And a special thanks to his night crew, who let me in
on the secret life of bread making. After watching their
intensive efforts, I’ll never complain about the
cost of a loaf of artisan bread again!
Chapter 1
The Pritikin diet almost killed me. Then along came Atkins, followed by the Stillman, Scarsdale, Hollywood, ketogenic and Zone diets. The South Beach was almost my coup de grâce. I’ve fought the good fight with all. I’m a baker.
Bread is the staff of life. Who could resist the warm yeasty fragrance of something loving in the oven? Plenty, to tell by sales at the No-Bagel Emporium during the no-carb years. After years of denying themselves steaks and chops, butter and cheese, the diet nation was ready to indulge in fat, as long as no flour was involved. But the mass hysteria couldn’t last. The craze has fizzled. It’s just a matter of time before bread is king again.

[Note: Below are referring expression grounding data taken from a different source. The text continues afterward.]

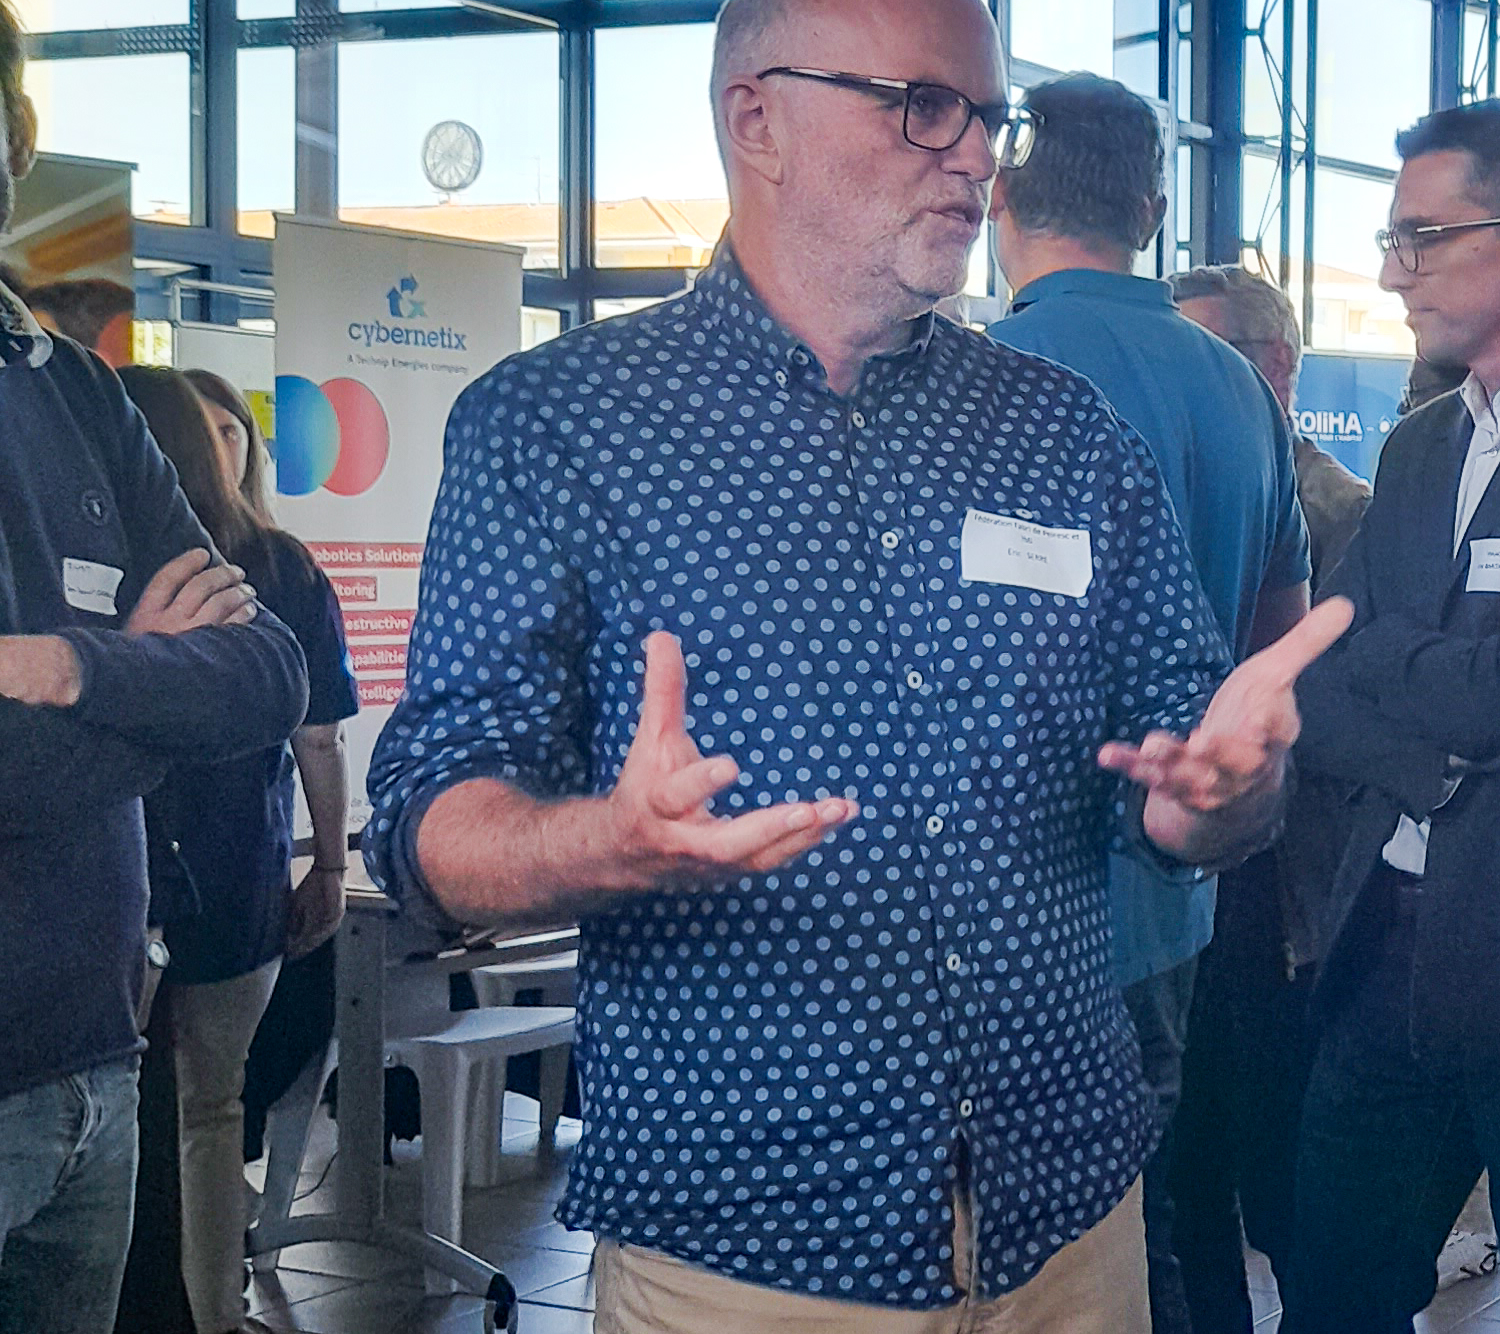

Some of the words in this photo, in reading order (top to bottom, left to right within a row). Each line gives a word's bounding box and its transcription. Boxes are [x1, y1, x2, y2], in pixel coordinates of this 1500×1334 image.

[348, 320, 467, 351] cybernetix
[313, 548, 363, 562] obotics
[333, 582, 375, 600] itoring
[345, 615, 409, 630] estructive
[352, 651, 405, 668] pabilitie

Yet New Jersey is not Manhattan. New ideas, even bad-diet fads, take a while to catch on and twice as long to fade out.
The morning rush, make that amble, has slowed as a well-toned woman in a workout camisole and low-rise pants gazes longingly at my bread racks. Then she sucks in her lower lip. She said she just came in for bottled water but I sense a weakness.

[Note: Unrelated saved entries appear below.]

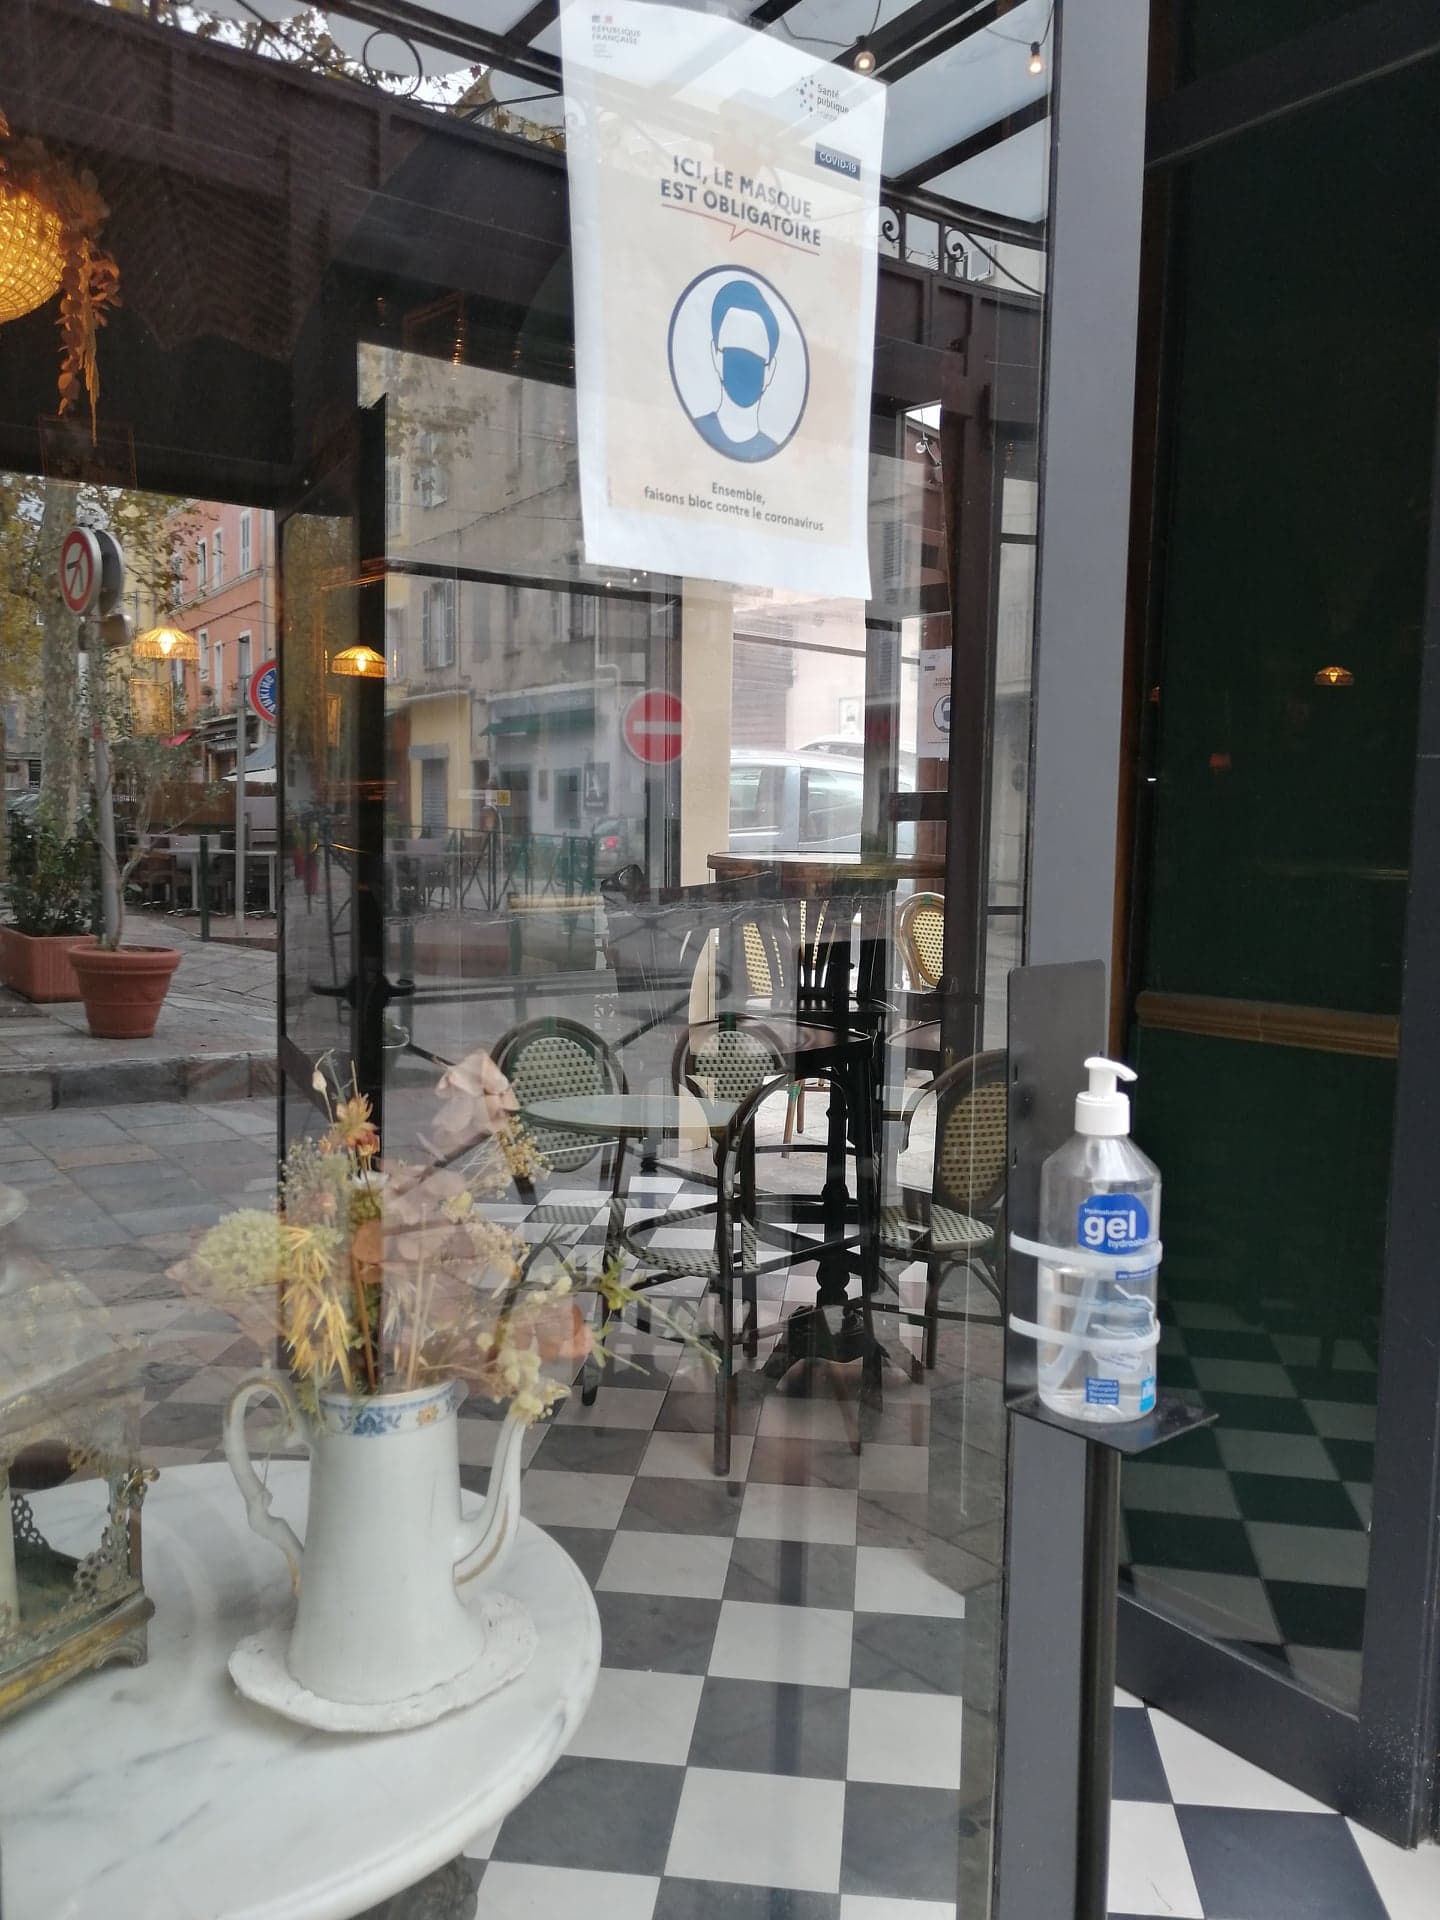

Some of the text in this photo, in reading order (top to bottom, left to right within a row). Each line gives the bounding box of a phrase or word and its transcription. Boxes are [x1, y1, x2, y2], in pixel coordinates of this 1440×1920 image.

[818, 83, 840, 98] Santé
[817, 97, 849, 115] publique
[819, 151, 857, 173] COVID-19
[674, 155, 811, 219] ICI, LE MASQUE
[661, 178, 821, 247] EST OBLIGATOIRE
[711, 481, 766, 505] Ensemble,
[644, 486, 824, 532] faisons bloc contre le coronavirus
[1084, 1209, 1137, 1246] gel
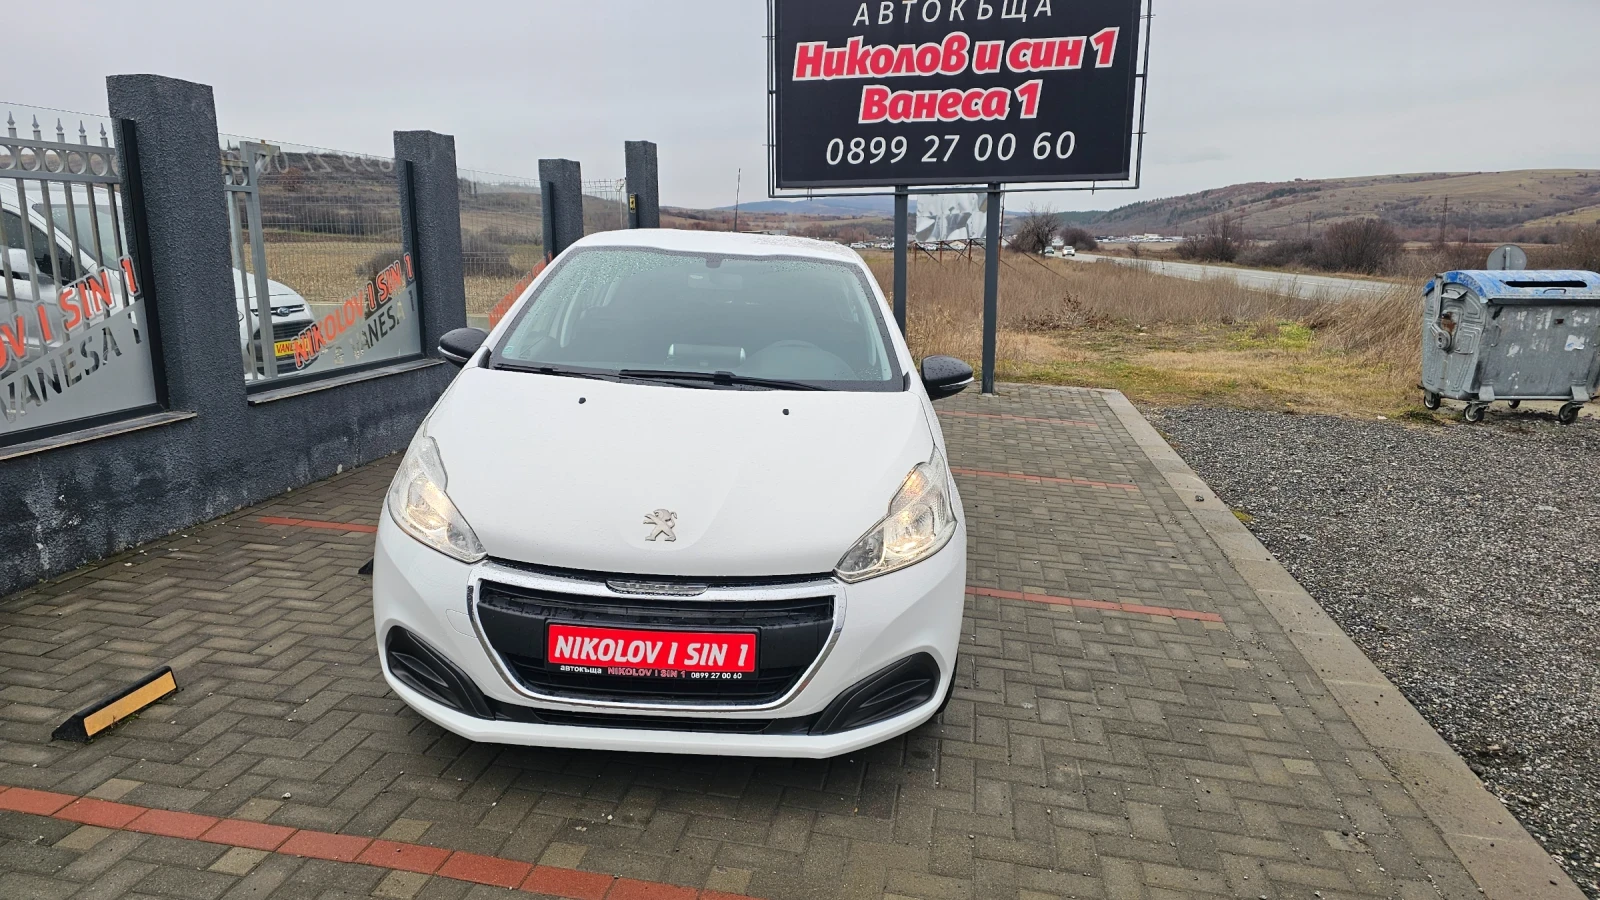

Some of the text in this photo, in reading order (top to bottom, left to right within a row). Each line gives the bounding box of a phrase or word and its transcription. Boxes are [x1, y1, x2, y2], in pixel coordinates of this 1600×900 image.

Shameless panderer that I am, I lure undecided customers with generous samples. Yesterday it was palm-size ciabatta slices spread with violet-flower honey. Today it’s raspberry-almond butter spread upon chocolate sourdough.
“We were meant for bread,” I whisper over my countertop like a desperate lover. “Try it.”
She shakes her head, clutching her Nina Bucci workout bag to her chest. “I really shouldn’t.”
“Just a taste.” I push the tray an inch closer to her. “If you’re going to sin, do it for the best of reasons.”
“I suppose one nibble can’t hurt.” She looks quickly left and right in my all-but-empty store, then reaches out and snatches up the smallest cube and pops it in her mouth.
I know what to expect, the sudden widening of her eyes, the slight catch of her breath, and then that little moan of animal satisfaction. I nod and smile. “I’ll just pop a loaf in a bag for you. Pay now and pick it up on the way back from working out.”
Before she can think better of her seduction I turn to bag a loaf, only a little ashamed of myself. I’ve become a pimp, and my madam is un petit pain.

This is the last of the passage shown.